Rules | Minis | Actium 95 | History
Rules
I have found rules, at Board Game Geek, also at Navwar which push Featherstone and Bath’s books. Navwar also have 16th century Mediterranean galley rules and also offer minis.
See also
- Donald Featherstone’s Naval War Games ebook, from Amazon, I bought this; Chapter 8 is Ancient Battles, with rules for wind, moves, complement, ramming, grappling, boarding, missile fire, grounding; this seems to require quite a lot of accounting which would make large scale battles a pain. The book is also advertised for sale, at this US site. Tony Bath is credited with much invention & given a design credit in Featherstone’s book.

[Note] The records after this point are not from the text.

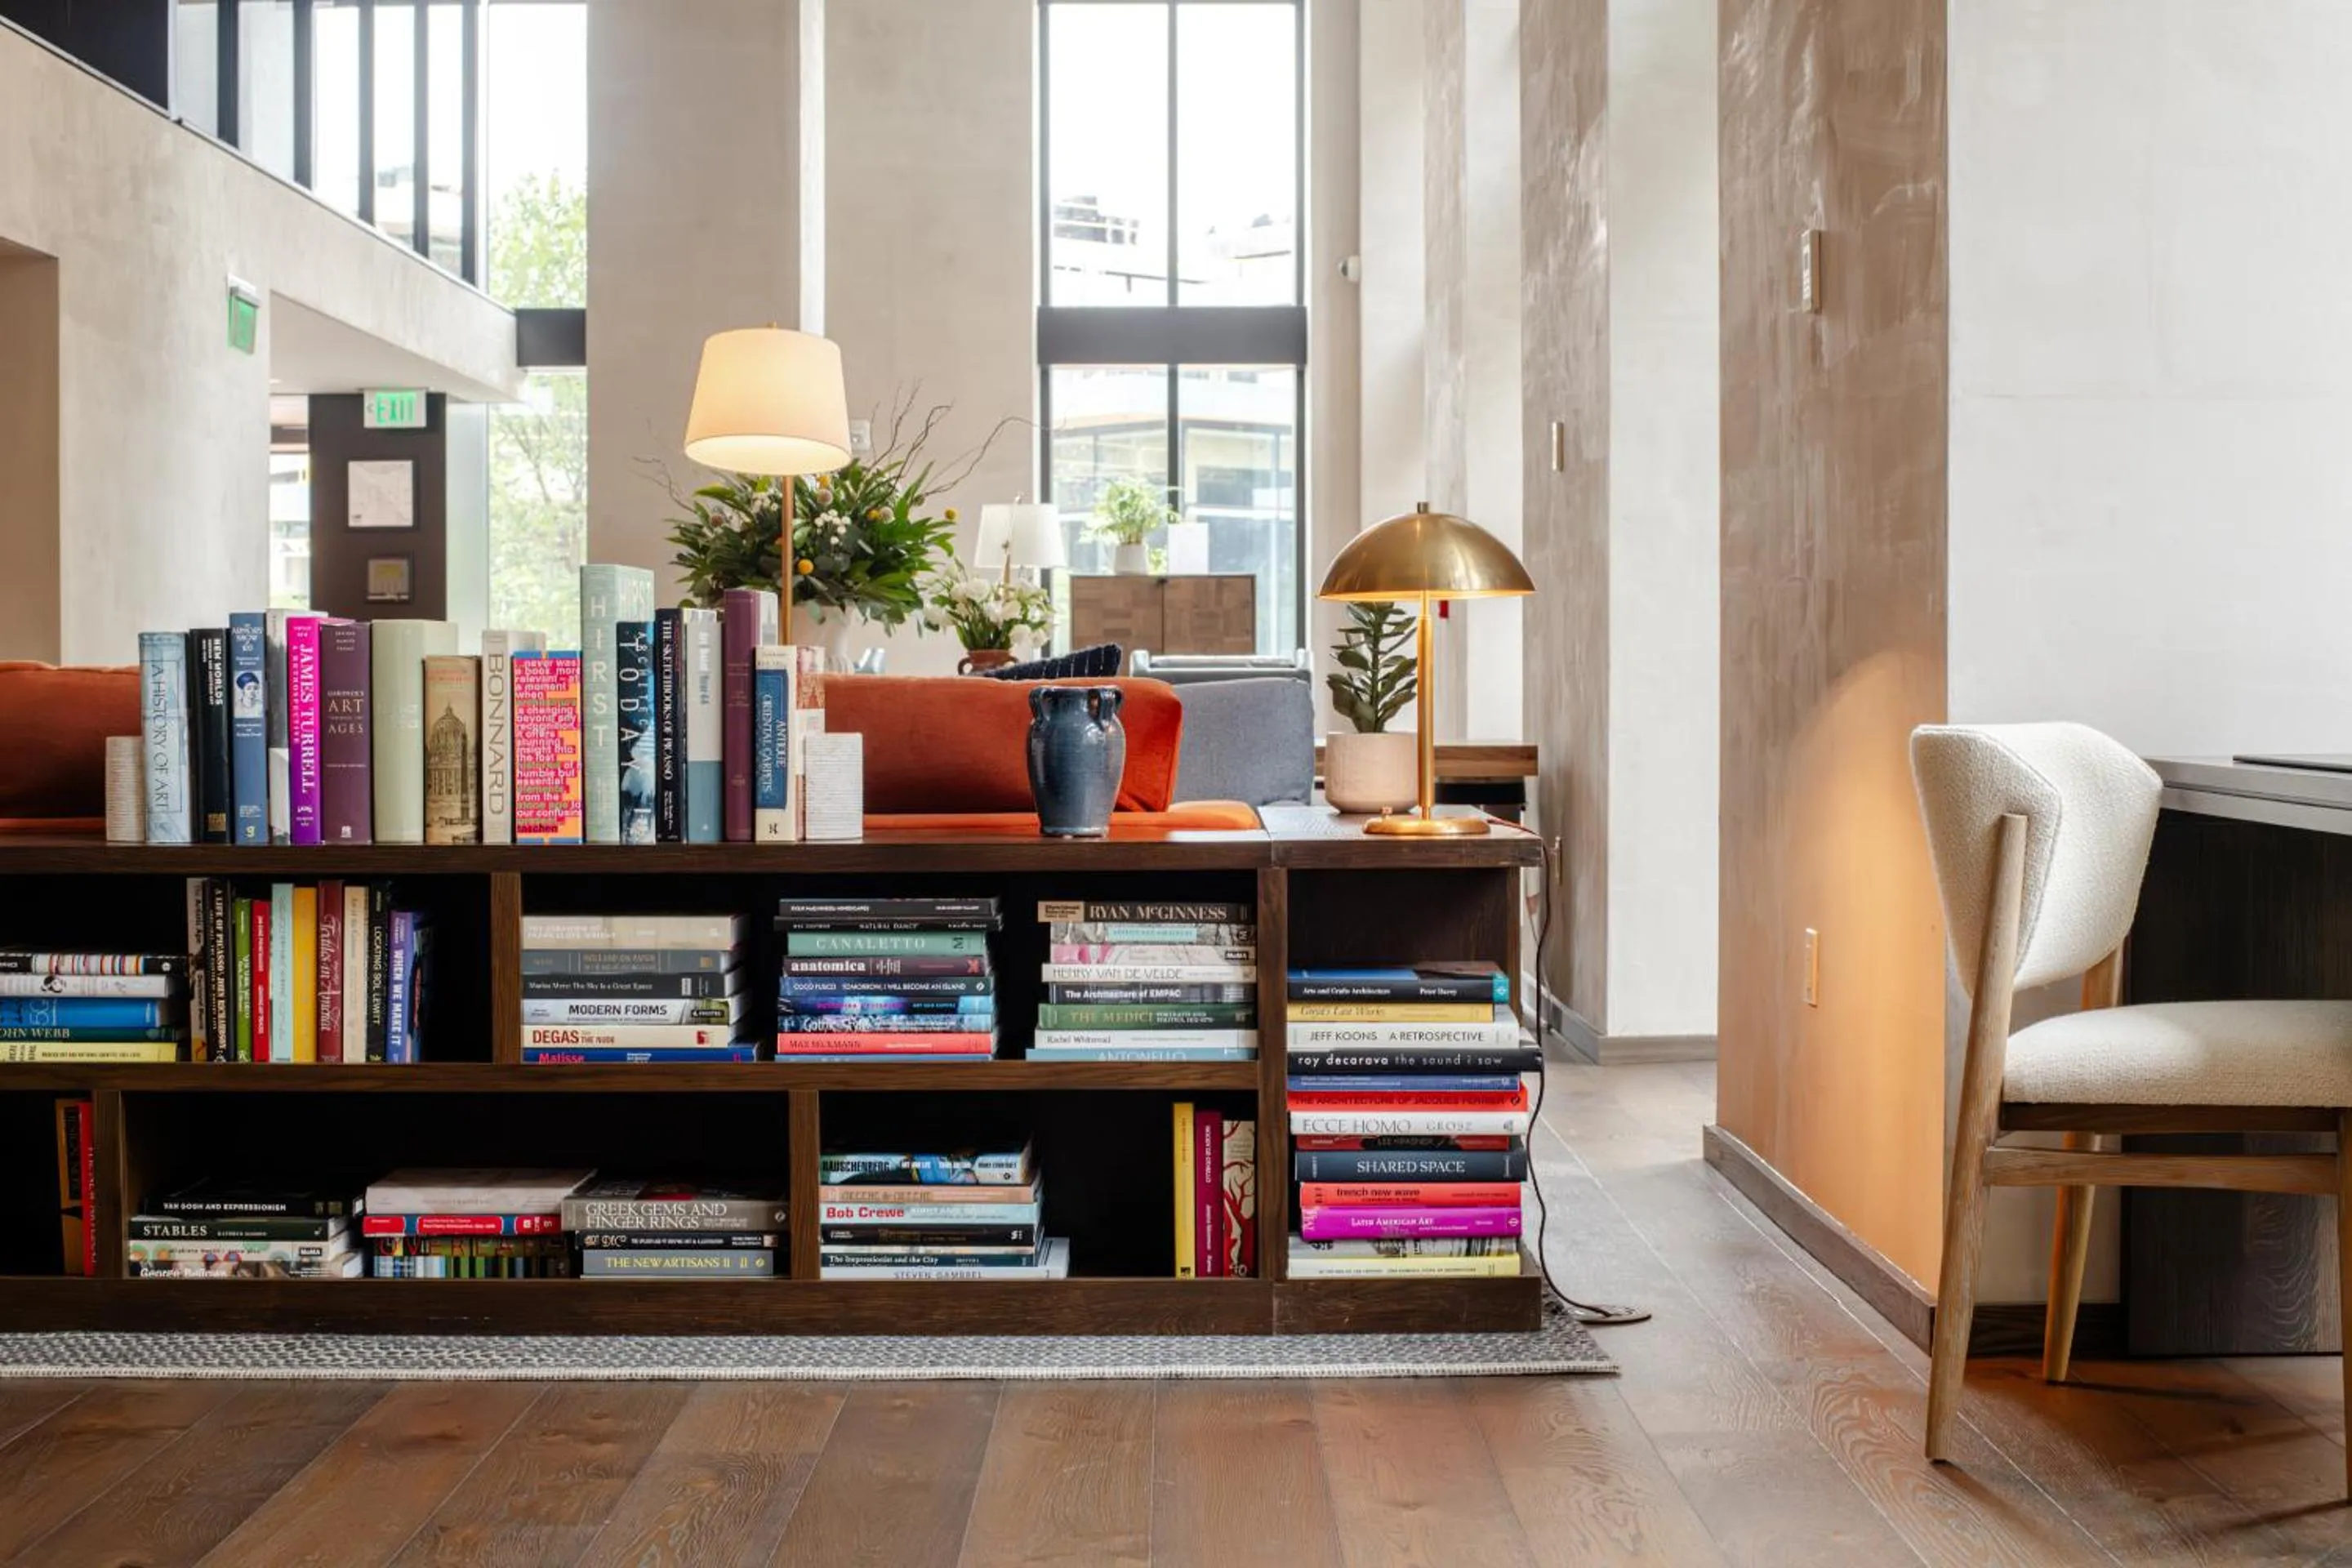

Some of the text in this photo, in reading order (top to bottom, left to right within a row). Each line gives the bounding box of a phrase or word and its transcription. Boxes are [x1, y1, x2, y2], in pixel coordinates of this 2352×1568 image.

[375, 392, 416, 424] EXIT
[662, 618, 672, 641] THE
[213, 638, 224, 706] NEW WORLDS
[300, 644, 314, 702] JAMES
[590, 594, 607, 747] HIRST
[662, 643, 673, 719] SKETCHBOOKS
[328, 699, 364, 712] ART
[619, 638, 639, 771] TODAY
[152, 681, 167, 749] HISTORY
[328, 723, 364, 733] AGES
[663, 721, 673, 733] OF
[488, 656, 504, 815] BONNARD
[761, 693, 773, 792] ORIENTAL CARPETS
[775, 718, 786, 768] ANTIQUE
[301, 706, 318, 795] TURRELL
[154, 752, 168, 774] OF
[662, 737, 673, 781] PICASSO
[154, 778, 169, 810] ART
[517, 825, 558, 834] taschen
[215, 897, 223, 915] LIFE
[1089, 906, 1129, 919] RYAN
[1137, 905, 1227, 920] McGINNESS
[216, 919, 224, 931] OF
[817, 938, 925, 949] CANALETTO
[215, 933, 225, 972] PICASSO
[393, 948, 403, 981] WHEN
[791, 961, 866, 972] anatomica
[372, 925, 382, 1026] LOCATING SOL LEWITT
[1096, 969, 1120, 978] VAN
[1125, 969, 1141, 978] DE
[1143, 969, 1183, 979] VELDE
[393, 983, 403, 1000] WE
[587, 982, 599, 991] Sky
[1083, 990, 1137, 998] Architecture
[568, 1004, 667, 1016] MODERN FORMS
[391, 1003, 402, 1032] MAKE
[1071, 1012, 1153, 1022] THE MEDICI
[0, 1028, 70, 1039] OHN WEBB
[532, 1030, 579, 1044] DEGAS
[1310, 1031, 1484, 1041] JEFF KOONS A RETROSPECTIVE
[391, 1035, 401, 1046] IT
[538, 1053, 585, 1064] Matisse
[1298, 1057, 1320, 1067] roy
[1395, 1054, 1415, 1066] the
[1423, 1054, 1460, 1066] sound
[1478, 1057, 1503, 1065] saw
[1303, 1118, 1347, 1133] ECCE
[1353, 1118, 1411, 1134] HOMO
[823, 1160, 890, 1172] RAUSCHENBERG
[1356, 1161, 1465, 1174] SHARED SPACE
[1337, 1187, 1369, 1196] french
[586, 1203, 727, 1216] GREEK GEMS AND
[826, 1207, 905, 1218] Bob Crewe
[586, 1217, 699, 1229] FINGER RINGS
[144, 1226, 207, 1236] STABLES
[605, 1258, 631, 1267] THE
[634, 1258, 662, 1267] NEW
[663, 1258, 719, 1267] ARTISANS
[923, 1256, 938, 1265] City

Featherstone’s rules use measurements not hexes.
- Games Workshop’s “Man O’War”, now out of print, while containing strong fantasy elements, deals with the accounting well. It’s expensive, although the rules are available separately from the fleets and their score cards.
Brian found this compendium on board game geek, which includes
- Ancient naval wargames rules 500bc to ad500 which is commented as designed for speed of play, available at uk.nobleknight.com ~£30
- Via two battle games in the list, I found War galley naval warfare in the ancient world which is described as historically comprehensive and yet quick and easy to play, and having a bunch scenarios including Action, the two scenarios, implemented as separate games listed in the compendium are Salamis and Arginussae. It is advertised as available for trade at $75 – $150 USD.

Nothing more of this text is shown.